Scenario 3: The Solo Freelancer With a Big Inbox
Marcus, a freelance accountant, uses Microsoft 365 Basic purely for email and client receipts. He receives about 200 emails a week, many with PDF attachments.
| Marcus’s Email + Storage Pattern | Annual Growth |
|---|---|
| 200 emails/week with attachments | ~6 GB mailbox growth per year |
| Client receipts saved to OneDrive | ~10 GB OneDrive growth per year |
| Years until 50 GB mailbox fills | ~8 years |
| Years until 100 GB OneDrive fills | ~10 years |
Marcus is a textbook Basic user. He never needs the desktop Office apps because he opens everything in the Outlook web app. The only risk is forgetting to empty Deleted Items, which can silently eat 10–20 GB of his mailbox.
Security and Premium Perks Included
Microsoft 365 Basic is not only a storage upgrade. It also unlocks security features that the free tier locks behind a paywall. Microsoft lists each one on the Microsoft 365 Basic features page.
The first is ad-free Outlook.com. The free tier inserts display ads inside your inbox, which Microsoft confirms on the Outlook ads disclosure. The consequence of the free experience is not just annoyance—some ads look like real emails and can confuse phishing-wary users.
The second is Personal Vault with unlimited files. On the free tier, Personal Vault caps at three files. On Basic and higher, it unlocks fully, per the OneDrive Personal Vault guide. Personal Vault encrypts files at rest and requires a second identity check, which is useful for tax returns, passport scans, and medical records.
The third is ransomware detection and file recovery. Microsoft’s ransomware protection documentation explains how OneDrive notices mass-encryption patterns, alerts you by email, and lets you restore your entire OneDrive to any point in the last 30 days. The fourth perk is advanced link checking in Outlook, which scans every URL in real time against Microsoft’s Safe Links threat database.

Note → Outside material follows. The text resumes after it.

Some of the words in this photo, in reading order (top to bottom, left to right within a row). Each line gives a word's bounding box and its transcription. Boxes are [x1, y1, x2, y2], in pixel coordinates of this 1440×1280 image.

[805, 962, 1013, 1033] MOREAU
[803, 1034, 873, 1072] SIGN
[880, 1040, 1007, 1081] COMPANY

A named example: Priya, a small-business owner, was hit by a ransomware attack on her laptop. Because she was on Microsoft 365 Basic, OneDrive’s version history feature let her roll every file back to the day before infection. She lost zero files. A common misconception is that ransomware recovery is unlimited—it is capped at 30 days on all consumer tiers.

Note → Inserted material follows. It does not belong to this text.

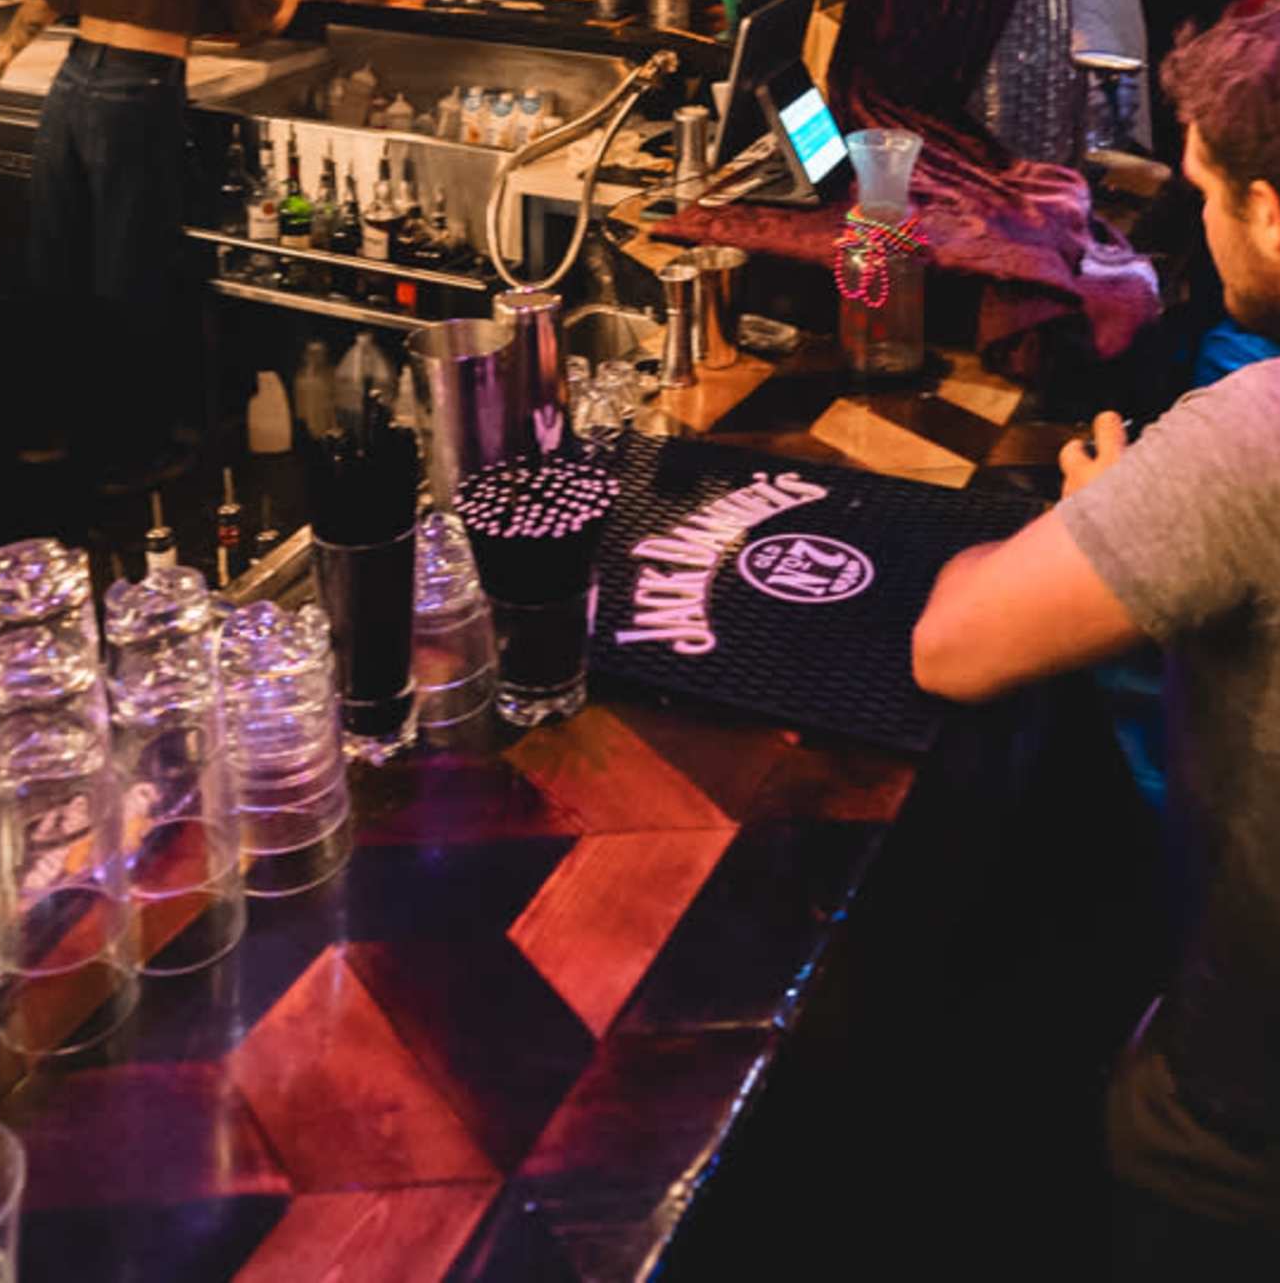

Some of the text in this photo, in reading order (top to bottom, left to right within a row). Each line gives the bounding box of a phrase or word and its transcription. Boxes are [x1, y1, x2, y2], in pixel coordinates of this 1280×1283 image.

[614, 471, 829, 655] JACK DANIEL'S
[786, 539, 848, 568] 7

Storage Limits, File Sizes, and Hidden Rules
Even inside a paid plan, Microsoft enforces a set of technical limits. These rules exist across all consumer tiers and are defined in the OneDrive restrictions and limitations article.
The biggest individual file you can upload to OneDrive is 250 GB, which Microsoft confirms in the OneDrive size-limit documentation. Since Basic caps at 100 GB total, this ceiling rarely matters, but it does apply if you temporarily uploaded a huge video.

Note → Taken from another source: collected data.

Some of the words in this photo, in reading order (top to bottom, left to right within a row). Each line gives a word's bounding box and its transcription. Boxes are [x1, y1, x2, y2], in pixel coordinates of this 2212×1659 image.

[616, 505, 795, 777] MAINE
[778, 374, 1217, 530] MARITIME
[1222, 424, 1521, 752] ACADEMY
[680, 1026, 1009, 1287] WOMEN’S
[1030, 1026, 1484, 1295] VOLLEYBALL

File names and paths have their own rules. Path length is capped at 400 characters, and a short list of characters (" * : < > ? / \ |) is banned in file names. The consequence of breaking those rules is that the file simply fails to sync without a clear error. A common misconception is that OneDrive “auto-renames” bad files. It does not—it silently skips them.
Upload Throughput and Throttling
Microsoft throttles upload and download traffic if it sees abusive patterns. The OneDrive throttling overview explains that the service may slow you after millions of small API calls or very high simultaneous uploads. The consequence is that backup jobs can stretch from hours to days.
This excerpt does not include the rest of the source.